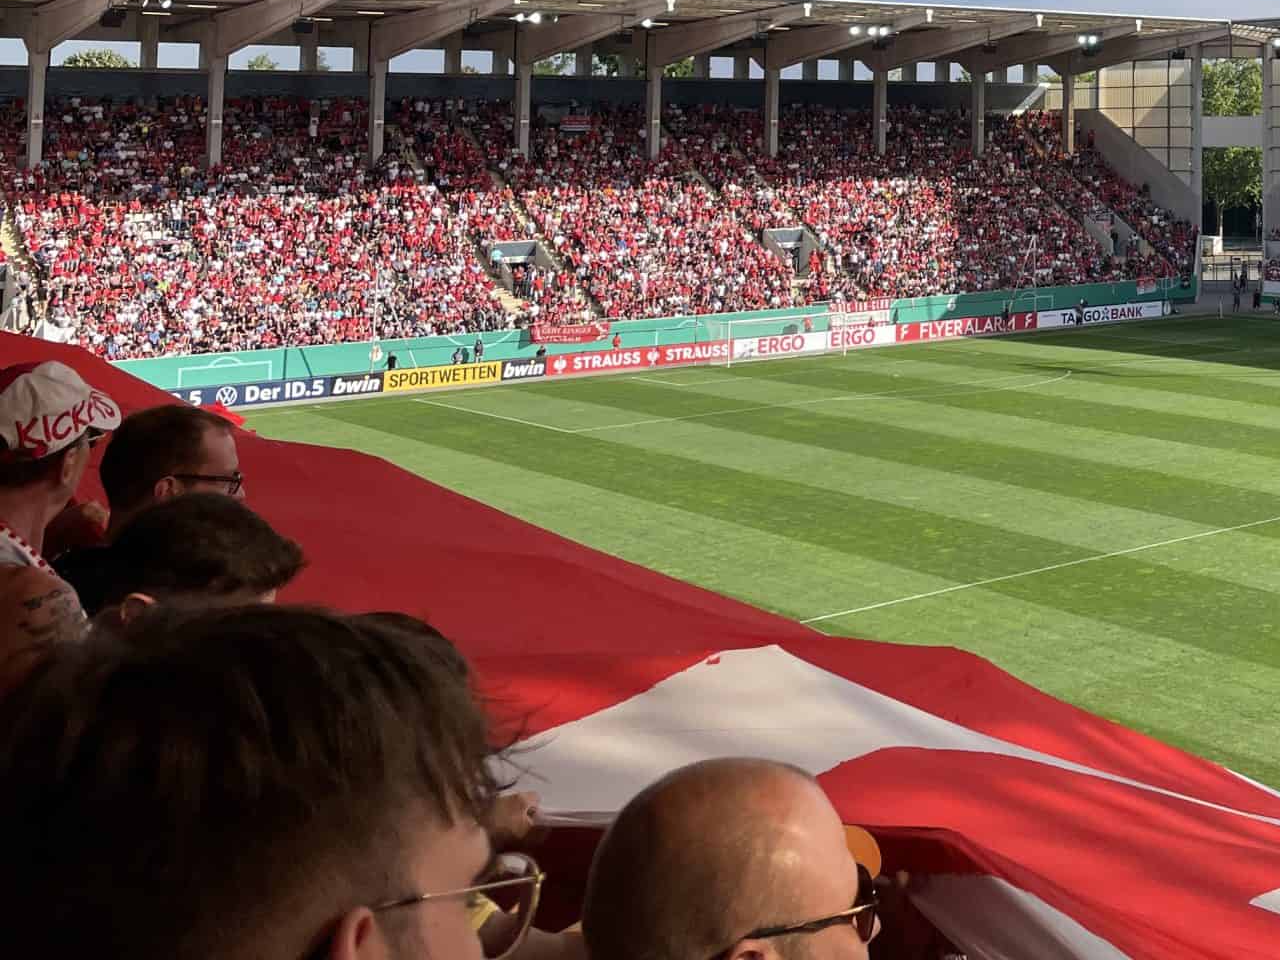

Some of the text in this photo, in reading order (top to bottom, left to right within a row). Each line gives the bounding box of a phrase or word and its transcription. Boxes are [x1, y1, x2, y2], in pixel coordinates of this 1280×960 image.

[919, 315, 1016, 339] FLYERALARM
[1060, 309, 1101, 325] TAGO
[757, 335, 805, 355] ERGO
[830, 328, 876, 348] ERGO
[573, 351, 641, 369] STRAUSS
[665, 343, 729, 361] STRAUSS
[389, 364, 497, 388] SPORTWETTEN
[503, 359, 545, 378] bwin
[244, 378, 324, 403] Der ID.5
[333, 375, 381, 395] bwin
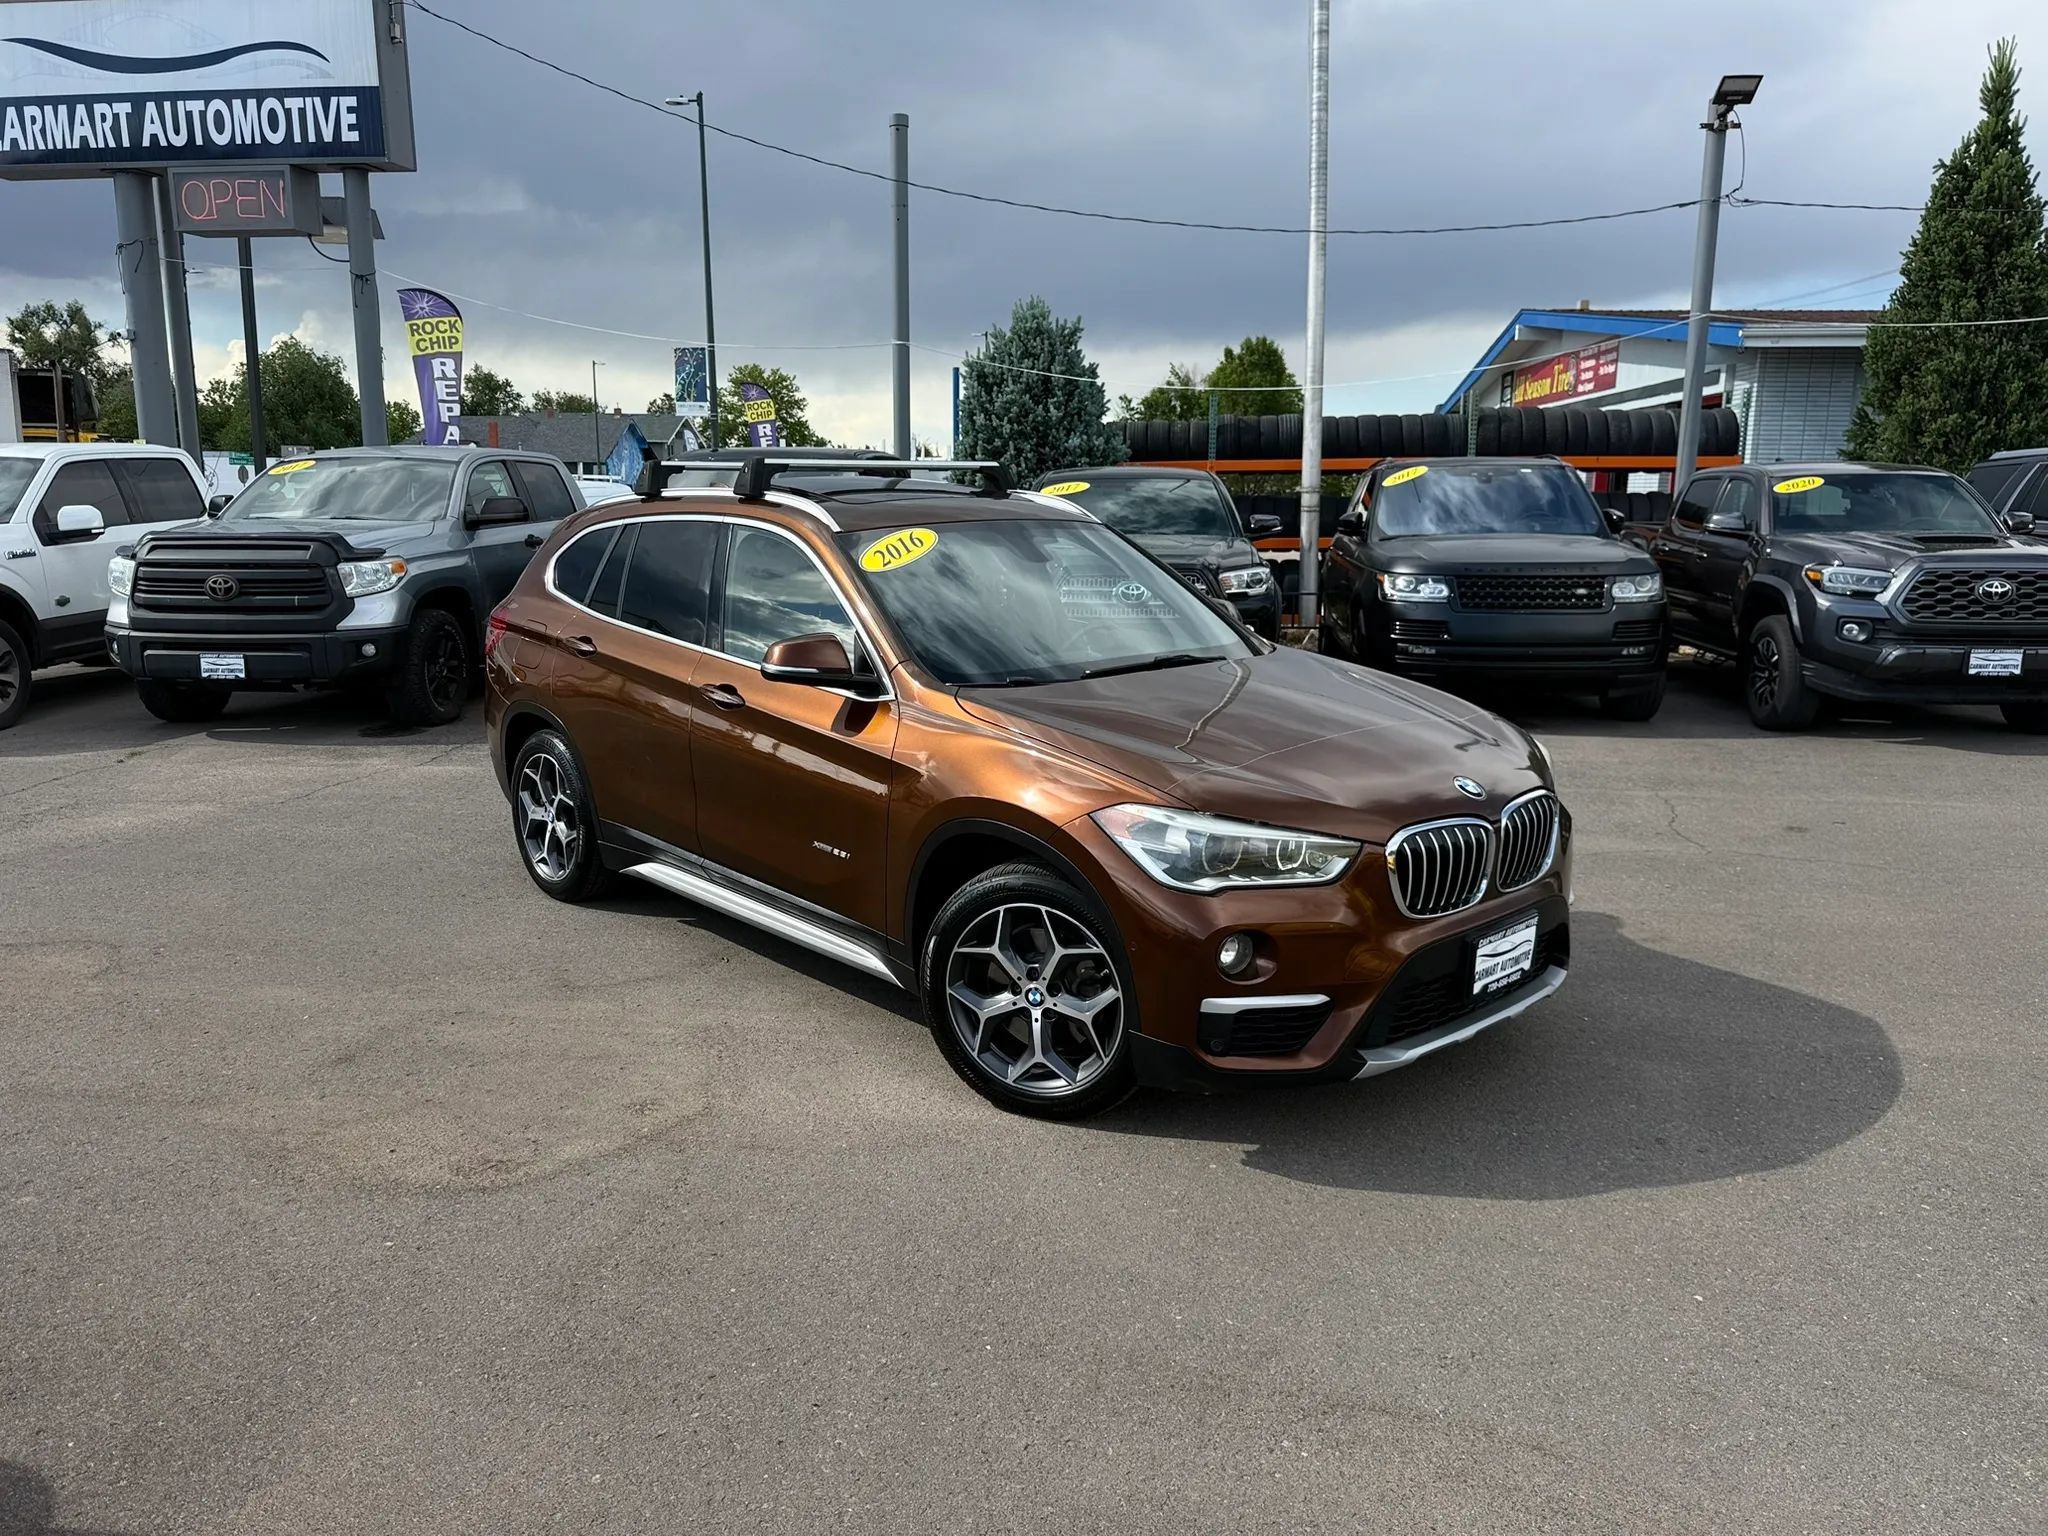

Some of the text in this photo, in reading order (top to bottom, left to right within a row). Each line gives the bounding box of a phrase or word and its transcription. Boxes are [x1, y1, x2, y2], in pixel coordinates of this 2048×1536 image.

[0, 96, 360, 150] ARMART AUTOMOTIVE
[181, 179, 286, 220] OPEN
[408, 319, 461, 337] ROCK
[415, 335, 460, 353] CHIP
[746, 400, 773, 412] ROCK
[749, 410, 773, 421] CHIP
[1047, 483, 1081, 495] 2017
[1785, 478, 1816, 491] 2020
[873, 531, 924, 568] 2016
[1992, 663, 2020, 671] AUTOMOTIVE
[1478, 916, 1539, 948] CARMART AUTOMOTIVE
[1475, 948, 1532, 981] CARMART AUTOMOTIVE
——————————
> _WHAT NEEDS TO BE DONE_:
Pictures stay out of the copy, while everything else in the records above goes in exactly as written.

> _COMPLETED EXERCISE_:
Some of the text in this photo, in reading order (top to bottom, left to right within a row). Each line gives the bounding box of a phrase or word and its transcription. Boxes are [x1, y1, x2, y2], in pixel coordinates of this 1280×960 image.

[919, 315, 1016, 339] FLYERALARM
[1060, 309, 1101, 325] TAGO
[757, 335, 805, 355] ERGO
[830, 328, 876, 348] ERGO
[573, 351, 641, 369] STRAUSS
[665, 343, 729, 361] STRAUSS
[389, 364, 497, 388] SPORTWETTEN
[503, 359, 545, 378] bwin
[244, 378, 324, 403] Der ID.5
[333, 375, 381, 395] bwin

Some of the text in this photo, in reading order (top to bottom, left to right within a row). Each line gives the bounding box of a phrase or word and its transcription. Boxes are [x1, y1, x2, y2], in pixel coordinates of this 2048×1536 image.

[0, 96, 360, 150] ARMART AUTOMOTIVE
[181, 179, 286, 220] OPEN
[408, 319, 461, 337] ROCK
[415, 335, 460, 353] CHIP
[746, 400, 773, 412] ROCK
[749, 410, 773, 421] CHIP
[1047, 483, 1081, 495] 2017
[1785, 478, 1816, 491] 2020
[873, 531, 924, 568] 2016
[1992, 663, 2020, 671] AUTOMOTIVE
[1478, 916, 1539, 948] CARMART AUTOMOTIVE
[1475, 948, 1532, 981] CARMART AUTOMOTIVE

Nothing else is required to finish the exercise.